Dingee agrees with Thakkar in that candidates should continue using job boards. “And there will be people looking for you on there,” she writes. But, she says candidates shouldn’t rely on any one strategy alone and should understand that companies are under the gun to save on costs— so it’s often important to go directly to their websites and apply there as well.
She encourages candidates to find someone who works at their targeted company who can pass their resume along, outside of the applicant tracking system (ATS). She warns that job seekers will eventually be dumped in the black hole that is the ATS, but “give yourself a fighting chance and work your network,” she states.
As for maintaining relations, Dingee recommends job seekers respond to recruiters, whether they are third party or corporate. She writes that if you don't want to deal with contingency staffing firms, it’s fine, but at least send a quick note of thank you/no thank you to get removed from their mailing list.
In her article, she advises candidates who are not interested in an opportunity let the recruiter know a particular job wasn’t a good fit, but what you'd really like is X, Y, and Z.

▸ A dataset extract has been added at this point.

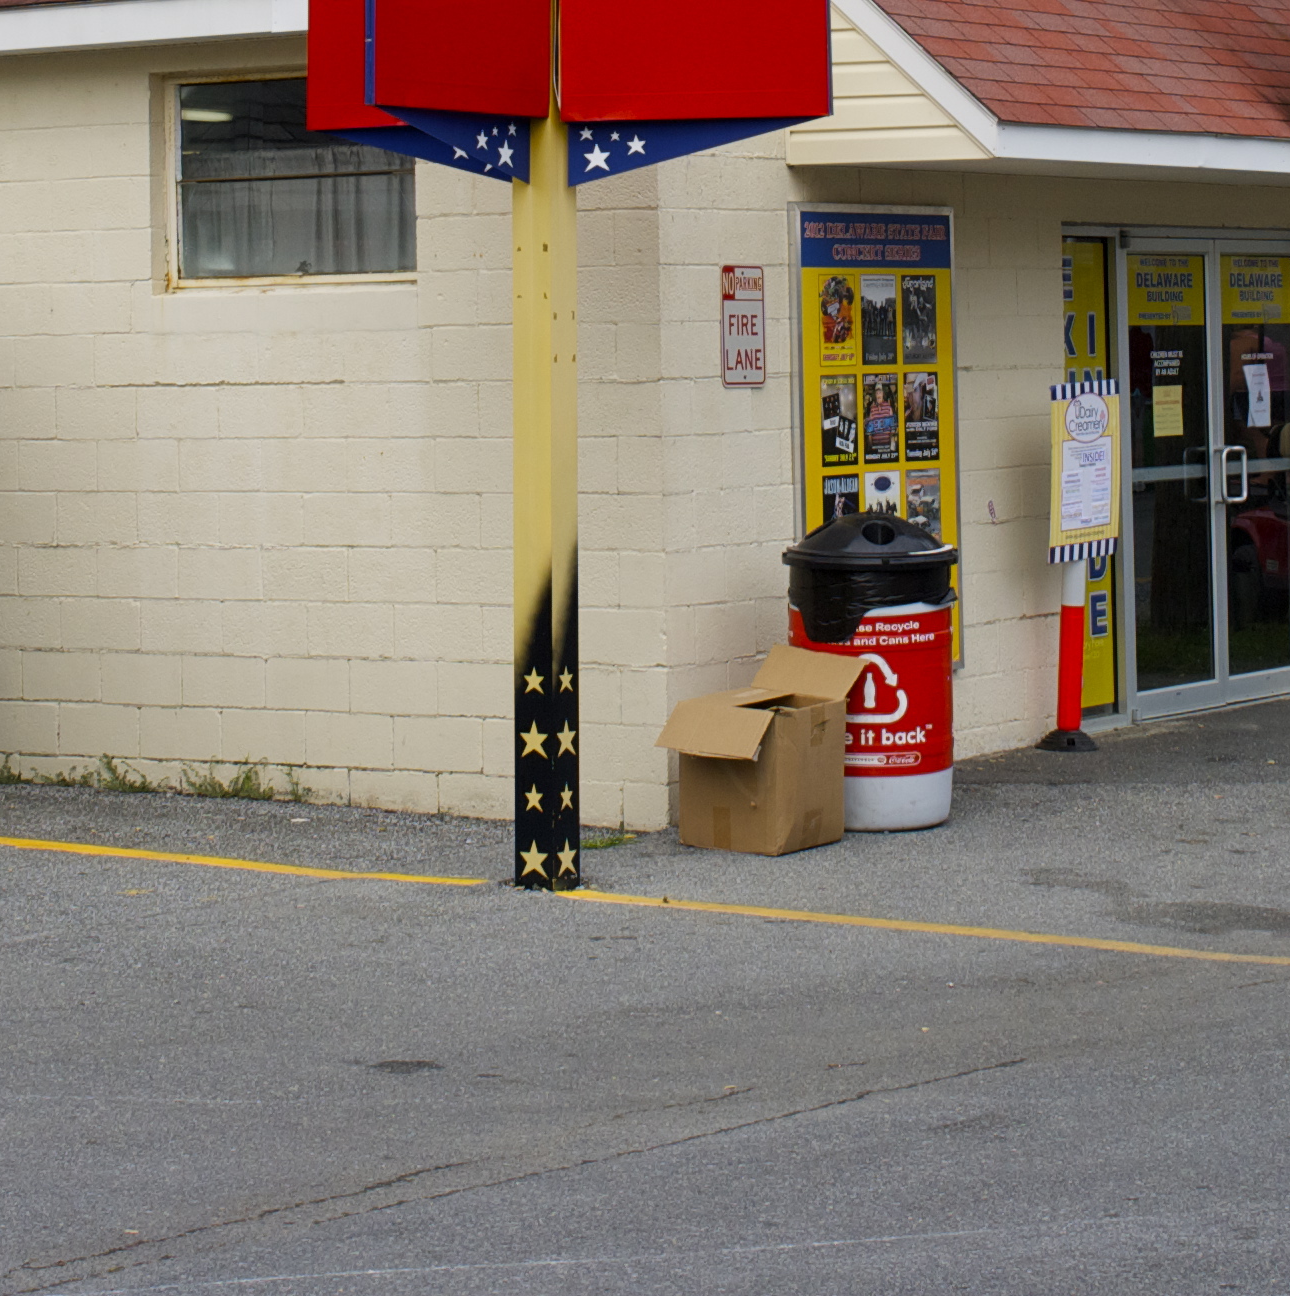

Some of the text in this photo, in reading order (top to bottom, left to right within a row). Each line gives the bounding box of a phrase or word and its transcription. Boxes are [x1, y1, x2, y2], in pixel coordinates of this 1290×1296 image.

She says recruiters keep that information handy and because they may run across that position shortly, they are likely to call you again and let you know they found it.
Job Search Tips
Thakkar offers job seekers free resume critiques and the following tips:
1. Avoid cookie-cutter resumes that appear like everyone else’s.
2. Demonstrate quantifiable accomplishments through your resume.
3. Manifest your presence at hot recruitment hubs, such as Hcareers.com and hospitality industry blogs and social media avenues like Facebook and Twitter. Don’t hesitate to cold call a potential employer.
4. Be omnipresent at networking events and opportunities.
5. Invest in your professional development and become familiar with cutting-edge trends, technologies, and processes within the hospitality industry.
6. Focus on branding and differentiating yourself
7. Create a solid, punch-driven executive summary on the resume.
8. Demonstrate past accomplishments on the resume. If you have turned-around a failing restaurant, highlight that on the resume as opposed to just saying “I managed a restaurant.” Focus, instead, on punch-driven statements, such as:
* Award-winning restaurant manager who took over a failing restaurant and repositioned it to achieve 210% growth.
* Overhauled and revitalized menus and gourmet offerings, retrained staff to focus on passionate customer service, and renegotiated vendor contracts to achieve 35% cost reduction.